Common hepatic duct stricture: are lithiasis and negative brush cytology enough to rule out Klatskin tumor?

Panagiotis J. Vlachostergios, George Apergis

Department of Internal Medicine, Lutheran Medical Center, Brooklyn, NY 11220, USA

Correspondence to: Panagiotis J. Vlachostergios, MD, PhD. Department of Internal Medicine, Lutheran Medical Center, 150 55th Street, Brooklyn, NY 11220, USA. Email: pvlachostergios@lmcmc.com.

Abstract: In this case report, the experience of treating a patient with clinical suspicion of hilar cholangiocarcinoma is shared and key points in differentiating from coexistent lithiasis are discussed.

Keywords: Klatskin tumor; cholangiocarcinoma; hepatolithiasis; cholelithiasis


Submitted May 14, 2014. Accepted for publication May 27, 2014.

doi: 10.3978/j.issn.2078-6891.2014.041


In this case report, the experience of treating a patient with clinical suspicion of hilar cholangiocarcinoma is shared and key points in differentiating from coexistent lithiasis are discussed.


Case report

An 89-year-old female presented with a 3-month history of painless jaundice and subjective weight loss. The patient had a past medical history of hypertension, aortic stenosis, hypothyroidism and hyperlipidemia. Physical examination disclosed icteric sclera and skin but no presence of right upper quadrant tenderness or mass on deep palpation. Laboratory tests were significant for profound elevation of total and direct bilirubin (23.5 and 18.9 mg/dL respectively), ALP (637 IU/L) and GGT (1,113 IU/L). Transaminases were also elevated (ALT: 323 IU/L, AST: 219 IU/L). Amylase, lipase and CBC were within normal limits.

A computed tomography (CT) scan and an ultrasonogram of the abdomen showed severe dilatation of intra- and extra-hepatic biliary ducts and common bile duct as well as several gallstones without gallbladder wall thickening or pericholecystic fluid collections. MRCP further revealed choledocholithiasis and a 2 cm in length stricture in the junction of the right and left hepatic ducts, most superior portion of the common hepatic duct in the porta hepatis and upper common bile duct, highly suspicious for malignant stricture secondary to cholangiocarcinoma/Klatskin tumor (Figure 1).

Figure 1 MRCP showing gallstones, biliary dilatation and stricture in the junction of the right and left hepatic ducts, most superior portion of the common hepatic duct in the porta hepatis and upper common bile duct.

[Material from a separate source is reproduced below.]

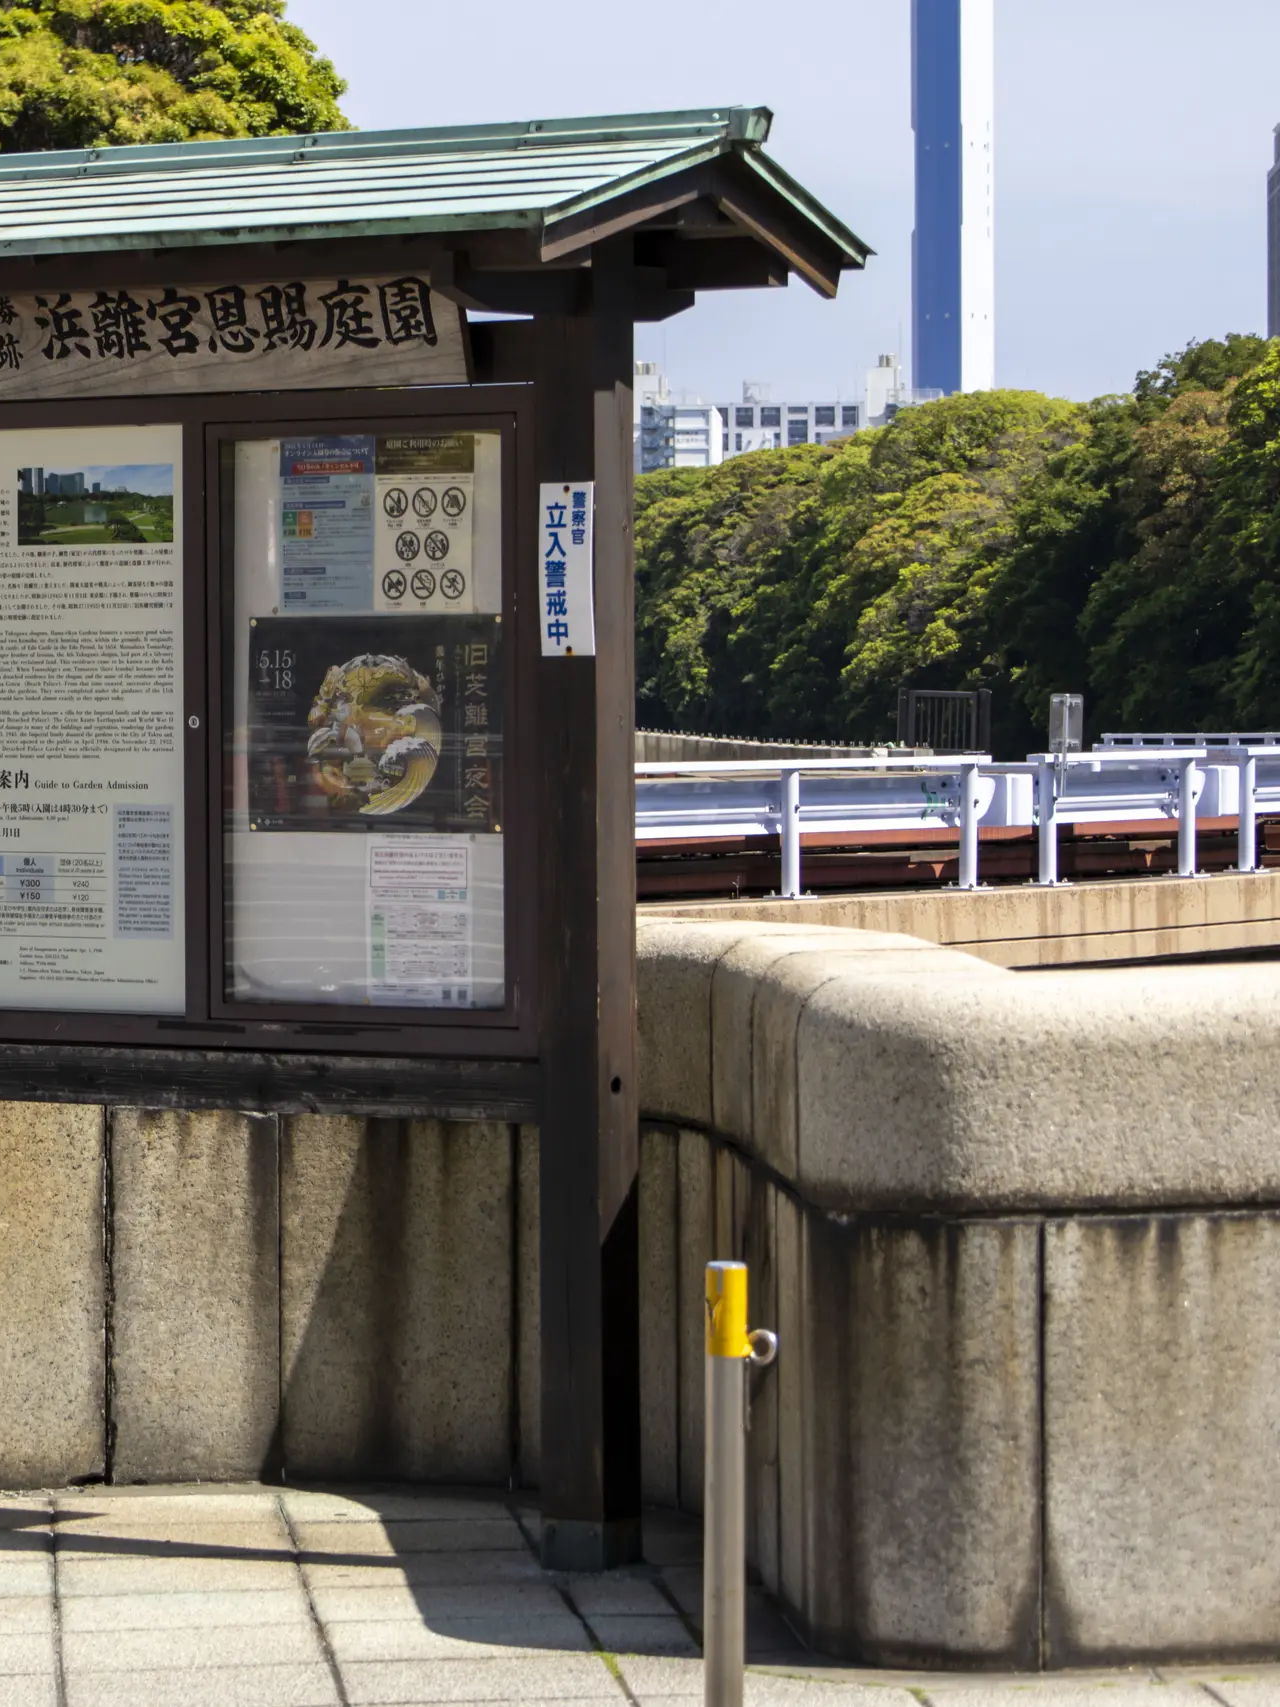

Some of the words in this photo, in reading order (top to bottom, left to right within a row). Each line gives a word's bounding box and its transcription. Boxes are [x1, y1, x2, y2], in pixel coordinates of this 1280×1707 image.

ERCP with sphincterotomy and stent placement was performed, after which the patient’s obstructive jaundice improved, with bilirubin, ALP, GGT and transaminase levels trending down. Among tumor markers, carcinoembryonic antigen (CEA) was within normal limits, whereas CA 19-9 was found elevated (100 IU/L). Endoscopic brush cytology from the area of stricture was negative for presence of malignant cells. The patient refused further interventions and was discharged uneventfully after resuming diet, with continued close follow-up.


Discussion

Extra-hepatic is the most common location for biliary strictures, which may result in biochemical with or without clinical signs of obstruction. Depending on the etiology, they can be benign or malignant. Benign biliary strictures may develop from hepatolithiasis, chronic cholangitis (bacterial, parasitic, eosinophilic) as well as iatrogenic damage and ischemia. Among malignant causes, cholangiocarcinoma accounts for half of the cases, with hepatocellular carcinoma and metastatic disease occurring more rarely (1).

Intriguingly, differential diagnosis between these two large entities with entirely different management remains difficult. CA 19-9 levels have not been found able to reliably distinguish between benign and malignant causes, given that very high CA 19-9 levels may be caused by obstruction or cholangitis itself, whereas negative levels cannot rule out cholangiocarcinoma (2). Likewise, MRCP although being able to detect strictures with high sensitivity and specificity, it cannot distinguish benign from malignant strictures (3).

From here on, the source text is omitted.